編集:片山茂裕 河盛隆造 景山茂 西尾善彦 西村理明 綿田裕孝
2017年11月現在,1127報収載!
全トライアルリスト
[HOMEに戻る]
Matthaei S, Catrinoiu D, Celiński A, Ekholm E, Cook W, Hirshberg B, Chen H, Iqbal N, Hansen L: Randomized, Double-Blind Trial of Triple Therapy With Saxagliptin Add-on to Dapagliflozin Plus Metformin in Patients With Type 2 Diabetes. Diabetes Care. 2015; 38: 2018-24. [PubMed]

2型糖尿病治療の成果を評価する際に,HbA1cがどれだけ降下したか,一定のレベル以下に維持できたのか,といった点のみを重視するべきではなかろう。まして種々の作用の異なる薬剤を併用する際には医療費もかさむことから,危惧される副作用がなく,かつ正常血糖応答を維持し,治療が本来目指しているインスリン分泌の回復,インスリン抵抗性の消失が見られているかを,評価したい。
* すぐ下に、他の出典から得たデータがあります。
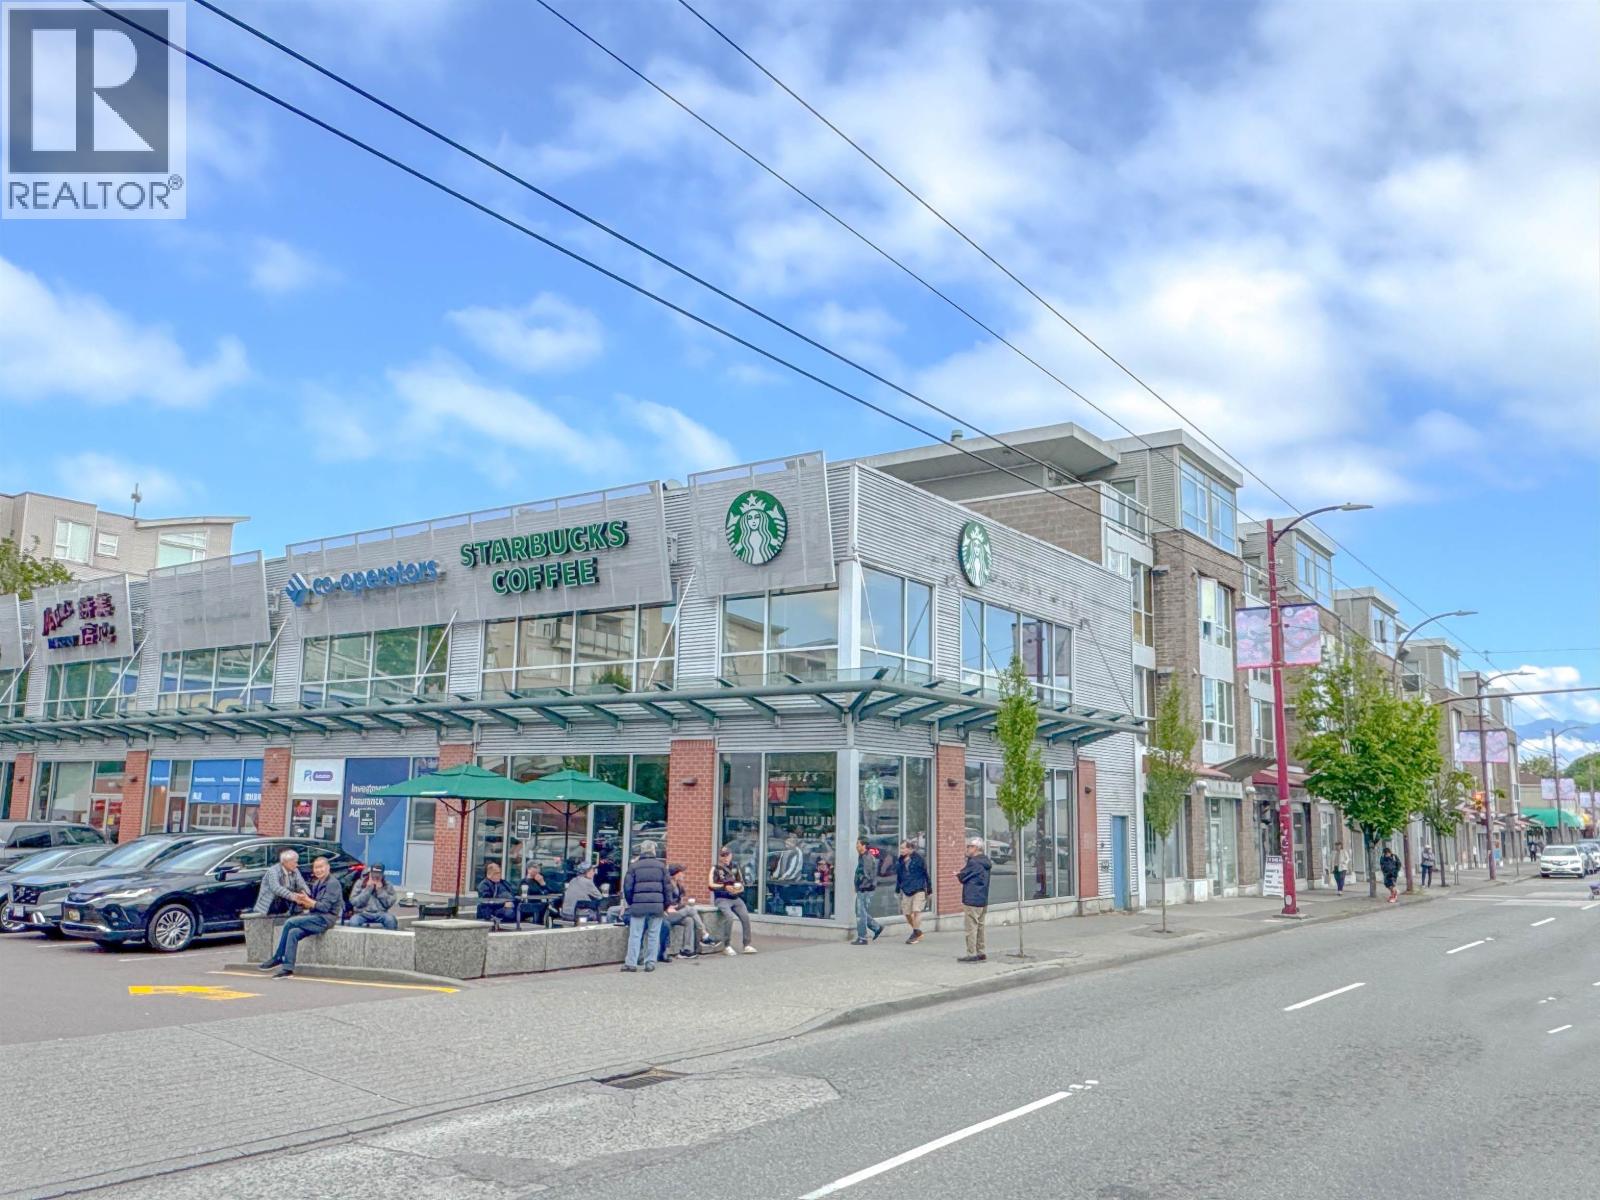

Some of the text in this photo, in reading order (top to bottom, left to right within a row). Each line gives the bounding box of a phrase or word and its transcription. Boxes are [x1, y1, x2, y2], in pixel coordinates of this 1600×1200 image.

[460, 520, 628, 568] STARBUCKS
[313, 561, 438, 596] co-operators
[491, 557, 600, 595] COFFEE
【河盛隆造

●目的 SGLT2阻害薬dapagliflozin+metforminでコントロール不良の2型糖尿病患者において,DPP-4阻害薬saxagliptin追加の有効性と安全性を検討した。
主要評価項目は,24週後のHbA1cの変化。副次評価項目は,食後2時間血糖(PPG),空腹時血糖(FPG),体重,HbA1c<7%達成率。
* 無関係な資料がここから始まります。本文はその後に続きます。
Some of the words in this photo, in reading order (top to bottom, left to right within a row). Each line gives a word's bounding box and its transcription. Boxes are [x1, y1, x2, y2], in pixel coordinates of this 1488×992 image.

●デザイン 無作為,二重盲検,プラセボ対照,多施設,第3相。
●試験期間 二重盲検期間は24週。試験期間は2012年6月29日~2014年6月18日。
●対象患者 482例:8週以上の安定用量metforminでコントロール不良の2型糖尿病患者。
登録基準:HbA1c 8.0~11.5%,C-ペプチド≧1.0ng/mL,BMI≦45.0kg/m2
●方法 dapagliflozin 10mg/日+即放性metforminを16週投与後,HbA1c 7.0~10.5%の315例をプラセボ群(162例),saxagliptin 5mg/日群(153例)にランダム化し,dapagliflozin+metforminに追加投与した。
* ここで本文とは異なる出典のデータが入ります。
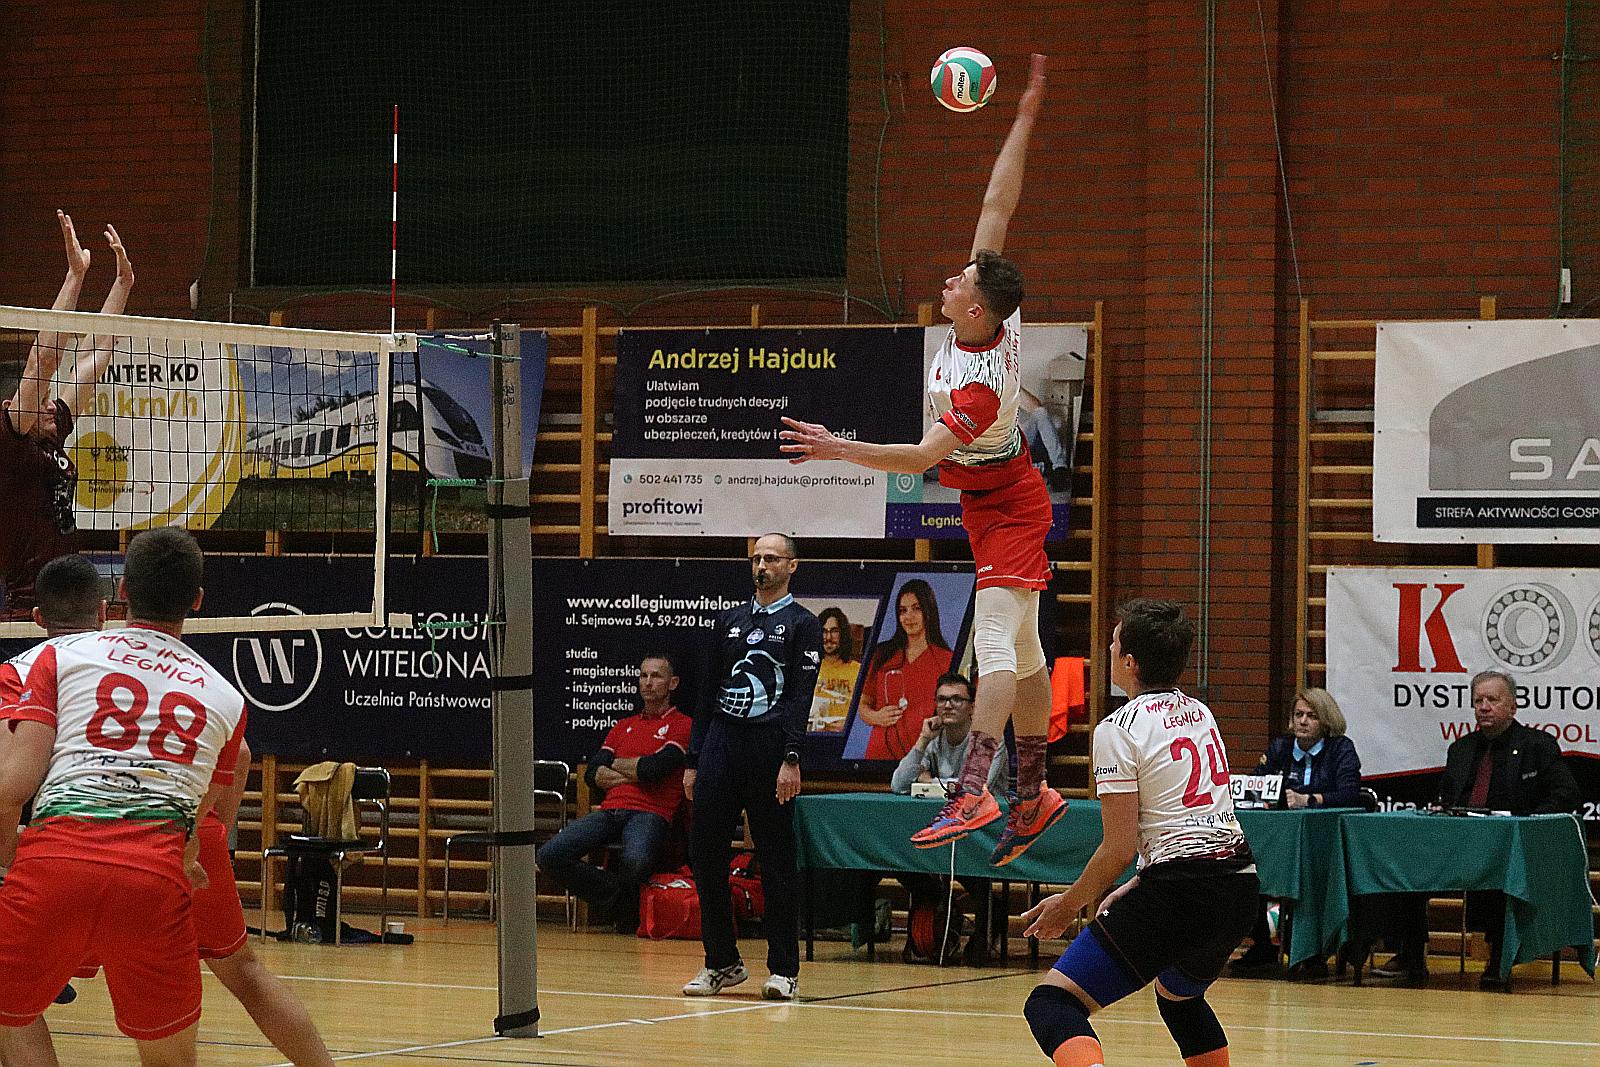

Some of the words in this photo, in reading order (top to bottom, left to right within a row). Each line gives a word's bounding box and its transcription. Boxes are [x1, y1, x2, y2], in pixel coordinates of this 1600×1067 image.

[957, 71, 966, 99] molten
[648, 348, 739, 373] Andrzej
[748, 348, 836, 373] Hajduk
[170, 363, 199, 383] KD
[646, 380, 700, 392] Ułatwiam
[645, 397, 696, 410] podjęcie
[698, 396, 747, 409] trudnych
[748, 396, 788, 410] decyzji
[644, 414, 654, 424] w
[656, 412, 708, 424] obszarze
[644, 428, 720, 442] ubezpieczeń,
[720, 428, 771, 442] kredytów
[773, 429, 778, 440] i
[640, 474, 661, 484] 502
[663, 474, 682, 484] 441
[683, 474, 703, 484] 735
[728, 475, 875, 487] andrzej.hajduk@profitowi.pl
[622, 498, 703, 517] profitowi
[1435, 507, 1475, 518] STREFA
[1477, 505, 1560, 518] AKTYWNOŚCI
[921, 514, 963, 529] Legnic
[565, 613, 579, 626] ul.
[581, 614, 632, 628] Sejmowa
[634, 615, 654, 628] 5A,
[657, 615, 696, 627] 59-220
[565, 646, 598, 659] studia
[107, 648, 206, 689] LEGNICA
[342, 649, 491, 679] WITELONA
[572, 664, 641, 679] magisterskie
[572, 681, 638, 696] inżynierskie
[344, 690, 403, 707] Uczelnia
[408, 692, 491, 709] Państwowa
[572, 697, 634, 714] licencjackie
[86, 671, 208, 765] 88
[1162, 708, 1207, 730] LEGNICA
[1169, 728, 1233, 809] 24
[1231, 779, 1243, 796] 13
[1266, 779, 1278, 796] 14
●結果 saxagliptin群はプラセボ群に比し,24週後のHbA1c低下度が大きかった(-0.51% vs -0.16%,群間差-0.35%,p<0.0001)。2時間PPG低下度(群間差-6mg/dL)とFPG低下度(群間差-4mg/dL)は同等で,HbA1c<7%達成率はsaxagliptin群35.3%,プラセボ群23.1%であった。
有害事象は両群で同等で,低血糖エピソードは両群とも少なく,重大な低血糖エピソードまたは低血糖による投与中止はみられなかった。
●結論 dapagliflozin+metformin でコントロール不良の2型糖尿病患者において,saxagliptin追加による3剤療法の忍容性は良好で,HbA1cが改善した。